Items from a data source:
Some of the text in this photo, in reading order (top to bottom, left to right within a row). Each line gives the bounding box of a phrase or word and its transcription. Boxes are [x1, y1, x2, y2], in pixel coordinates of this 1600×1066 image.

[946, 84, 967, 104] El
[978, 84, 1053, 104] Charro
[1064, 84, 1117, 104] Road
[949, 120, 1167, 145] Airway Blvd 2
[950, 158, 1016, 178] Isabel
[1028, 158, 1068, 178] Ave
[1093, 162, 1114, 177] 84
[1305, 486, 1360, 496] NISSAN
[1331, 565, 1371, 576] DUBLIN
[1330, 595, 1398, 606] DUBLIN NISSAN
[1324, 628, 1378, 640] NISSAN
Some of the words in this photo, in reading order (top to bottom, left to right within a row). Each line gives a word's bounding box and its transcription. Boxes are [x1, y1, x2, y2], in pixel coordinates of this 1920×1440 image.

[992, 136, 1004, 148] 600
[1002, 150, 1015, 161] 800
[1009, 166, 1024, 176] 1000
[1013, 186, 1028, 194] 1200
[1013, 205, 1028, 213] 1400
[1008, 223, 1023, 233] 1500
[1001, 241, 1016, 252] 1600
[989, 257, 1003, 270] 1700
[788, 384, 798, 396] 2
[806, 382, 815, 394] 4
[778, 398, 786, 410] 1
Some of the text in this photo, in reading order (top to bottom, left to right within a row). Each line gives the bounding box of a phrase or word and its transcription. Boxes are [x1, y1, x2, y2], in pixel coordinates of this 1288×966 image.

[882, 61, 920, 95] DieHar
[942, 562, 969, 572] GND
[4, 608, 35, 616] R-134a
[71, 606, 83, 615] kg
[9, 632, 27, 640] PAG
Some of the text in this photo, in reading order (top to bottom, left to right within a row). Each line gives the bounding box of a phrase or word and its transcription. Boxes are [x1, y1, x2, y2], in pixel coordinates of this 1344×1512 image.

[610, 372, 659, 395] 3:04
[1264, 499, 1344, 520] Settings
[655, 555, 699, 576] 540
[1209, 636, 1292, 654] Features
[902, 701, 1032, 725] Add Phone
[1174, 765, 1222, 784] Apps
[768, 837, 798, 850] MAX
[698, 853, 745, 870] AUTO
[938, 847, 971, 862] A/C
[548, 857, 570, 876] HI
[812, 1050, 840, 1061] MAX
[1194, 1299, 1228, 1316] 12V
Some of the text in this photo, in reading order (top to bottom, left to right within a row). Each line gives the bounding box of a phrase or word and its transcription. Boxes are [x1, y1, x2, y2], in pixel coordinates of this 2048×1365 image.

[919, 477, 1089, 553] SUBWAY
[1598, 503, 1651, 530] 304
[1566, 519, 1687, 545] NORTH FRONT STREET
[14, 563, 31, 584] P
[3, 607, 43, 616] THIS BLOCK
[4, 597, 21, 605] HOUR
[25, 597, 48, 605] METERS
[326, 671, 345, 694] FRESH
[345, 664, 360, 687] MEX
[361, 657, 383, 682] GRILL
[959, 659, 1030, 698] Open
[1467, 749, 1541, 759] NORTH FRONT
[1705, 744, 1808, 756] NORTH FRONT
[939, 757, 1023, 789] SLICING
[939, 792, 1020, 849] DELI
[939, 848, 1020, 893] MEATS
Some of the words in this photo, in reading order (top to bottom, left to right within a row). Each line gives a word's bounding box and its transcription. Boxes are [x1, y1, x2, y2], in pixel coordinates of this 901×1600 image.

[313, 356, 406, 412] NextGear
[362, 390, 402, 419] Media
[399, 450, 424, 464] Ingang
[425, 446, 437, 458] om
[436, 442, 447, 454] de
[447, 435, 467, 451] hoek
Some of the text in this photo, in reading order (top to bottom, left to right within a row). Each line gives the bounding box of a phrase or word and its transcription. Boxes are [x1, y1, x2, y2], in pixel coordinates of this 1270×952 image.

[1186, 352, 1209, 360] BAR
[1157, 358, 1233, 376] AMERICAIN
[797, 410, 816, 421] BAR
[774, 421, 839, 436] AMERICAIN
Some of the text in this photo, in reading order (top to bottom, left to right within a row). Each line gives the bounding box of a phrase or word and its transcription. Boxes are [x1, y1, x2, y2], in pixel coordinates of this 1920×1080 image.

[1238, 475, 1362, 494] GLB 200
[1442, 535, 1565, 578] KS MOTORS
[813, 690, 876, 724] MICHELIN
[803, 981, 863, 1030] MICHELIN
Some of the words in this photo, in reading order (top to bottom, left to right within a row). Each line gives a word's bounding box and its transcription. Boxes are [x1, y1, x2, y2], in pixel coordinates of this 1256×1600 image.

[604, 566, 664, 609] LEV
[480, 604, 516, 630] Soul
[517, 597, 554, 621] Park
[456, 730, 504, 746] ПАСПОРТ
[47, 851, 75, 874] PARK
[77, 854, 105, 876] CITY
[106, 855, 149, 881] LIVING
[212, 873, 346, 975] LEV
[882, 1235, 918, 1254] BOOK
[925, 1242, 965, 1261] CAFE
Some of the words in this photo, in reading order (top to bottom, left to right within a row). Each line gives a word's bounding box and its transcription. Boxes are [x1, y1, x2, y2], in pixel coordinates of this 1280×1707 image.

## What is being asked
Return every record above exactly as it appears.

## Expected answer
Some of the text in this photo, in reading order (top to bottom, left to right within a row). Each line gives the bounding box of a phrase or word and its transcription. Boxes are [x1, y1, x2, y2], in pixel coordinates of this 1600×1066 image.

[946, 84, 967, 104] El
[978, 84, 1053, 104] Charro
[1064, 84, 1117, 104] Road
[949, 120, 1167, 145] Airway Blvd 2
[950, 158, 1016, 178] Isabel
[1028, 158, 1068, 178] Ave
[1093, 162, 1114, 177] 84
[1305, 486, 1360, 496] NISSAN
[1331, 565, 1371, 576] DUBLIN
[1330, 595, 1398, 606] DUBLIN NISSAN
[1324, 628, 1378, 640] NISSAN
Some of the words in this photo, in reading order (top to bottom, left to right within a row). Each line gives a word's bounding box and its transcription. Boxes are [x1, y1, x2, y2], in pixel coordinates of this 1920×1440 image.

[992, 136, 1004, 148] 600
[1002, 150, 1015, 161] 800
[1009, 166, 1024, 176] 1000
[1013, 186, 1028, 194] 1200
[1013, 205, 1028, 213] 1400
[1008, 223, 1023, 233] 1500
[1001, 241, 1016, 252] 1600
[989, 257, 1003, 270] 1700
[788, 384, 798, 396] 2
[806, 382, 815, 394] 4
[778, 398, 786, 410] 1
Some of the text in this photo, in reading order (top to bottom, left to right within a row). Each line gives the bounding box of a phrase or word and its transcription. Boxes are [x1, y1, x2, y2], in pixel coordinates of this 1288×966 image.

[882, 61, 920, 95] DieHar
[942, 562, 969, 572] GND
[4, 608, 35, 616] R-134a
[71, 606, 83, 615] kg
[9, 632, 27, 640] PAG
Some of the text in this photo, in reading order (top to bottom, left to right within a row). Each line gives the bounding box of a phrase or word and its transcription. Boxes are [x1, y1, x2, y2], in pixel coordinates of this 1344×1512 image.

[610, 372, 659, 395] 3:04
[1264, 499, 1344, 520] Settings
[655, 555, 699, 576] 540
[1209, 636, 1292, 654] Features
[902, 701, 1032, 725] Add Phone
[1174, 765, 1222, 784] Apps
[768, 837, 798, 850] MAX
[698, 853, 745, 870] AUTO
[938, 847, 971, 862] A/C
[548, 857, 570, 876] HI
[812, 1050, 840, 1061] MAX
[1194, 1299, 1228, 1316] 12V
Some of the text in this photo, in reading order (top to bottom, left to right within a row). Each line gives the bounding box of a phrase or word and its transcription. Boxes are [x1, y1, x2, y2], in pixel coordinates of this 2048×1365 image.

[919, 477, 1089, 553] SUBWAY
[1598, 503, 1651, 530] 304
[1566, 519, 1687, 545] NORTH FRONT STREET
[14, 563, 31, 584] P
[3, 607, 43, 616] THIS BLOCK
[4, 597, 21, 605] HOUR
[25, 597, 48, 605] METERS
[326, 671, 345, 694] FRESH
[345, 664, 360, 687] MEX
[361, 657, 383, 682] GRILL
[959, 659, 1030, 698] Open
[1467, 749, 1541, 759] NORTH FRONT
[1705, 744, 1808, 756] NORTH FRONT
[939, 757, 1023, 789] SLICING
[939, 792, 1020, 849] DELI
[939, 848, 1020, 893] MEATS
Some of the words in this photo, in reading order (top to bottom, left to right within a row). Each line gives a word's bounding box and its transcription. Boxes are [x1, y1, x2, y2], in pixel coordinates of this 901×1600 image.

[313, 356, 406, 412] NextGear
[362, 390, 402, 419] Media
[399, 450, 424, 464] Ingang
[425, 446, 437, 458] om
[436, 442, 447, 454] de
[447, 435, 467, 451] hoek
Some of the text in this photo, in reading order (top to bottom, left to right within a row). Each line gives the bounding box of a phrase or word and its transcription. Boxes are [x1, y1, x2, y2], in pixel coordinates of this 1270×952 image.

[1186, 352, 1209, 360] BAR
[1157, 358, 1233, 376] AMERICAIN
[797, 410, 816, 421] BAR
[774, 421, 839, 436] AMERICAIN
Some of the text in this photo, in reading order (top to bottom, left to right within a row). Each line gives the bounding box of a phrase or word and its transcription. Boxes are [x1, y1, x2, y2], in pixel coordinates of this 1920×1080 image.

[1238, 475, 1362, 494] GLB 200
[1442, 535, 1565, 578] KS MOTORS
[813, 690, 876, 724] MICHELIN
[803, 981, 863, 1030] MICHELIN
Some of the words in this photo, in reading order (top to bottom, left to right within a row). Each line gives a word's bounding box and its transcription. Boxes are [x1, y1, x2, y2], in pixel coordinates of this 1256×1600 image.

[604, 566, 664, 609] LEV
[480, 604, 516, 630] Soul
[517, 597, 554, 621] Park
[456, 730, 504, 746] ПАСПОРТ
[47, 851, 75, 874] PARK
[77, 854, 105, 876] CITY
[106, 855, 149, 881] LIVING
[212, 873, 346, 975] LEV
[882, 1235, 918, 1254] BOOK
[925, 1242, 965, 1261] CAFE
Some of the words in this photo, in reading order (top to bottom, left to right within a row). Each line gives a word's bounding box and its transcription. Boxes are [x1, y1, x2, y2], in pixel coordinates of this 1280×1707 image.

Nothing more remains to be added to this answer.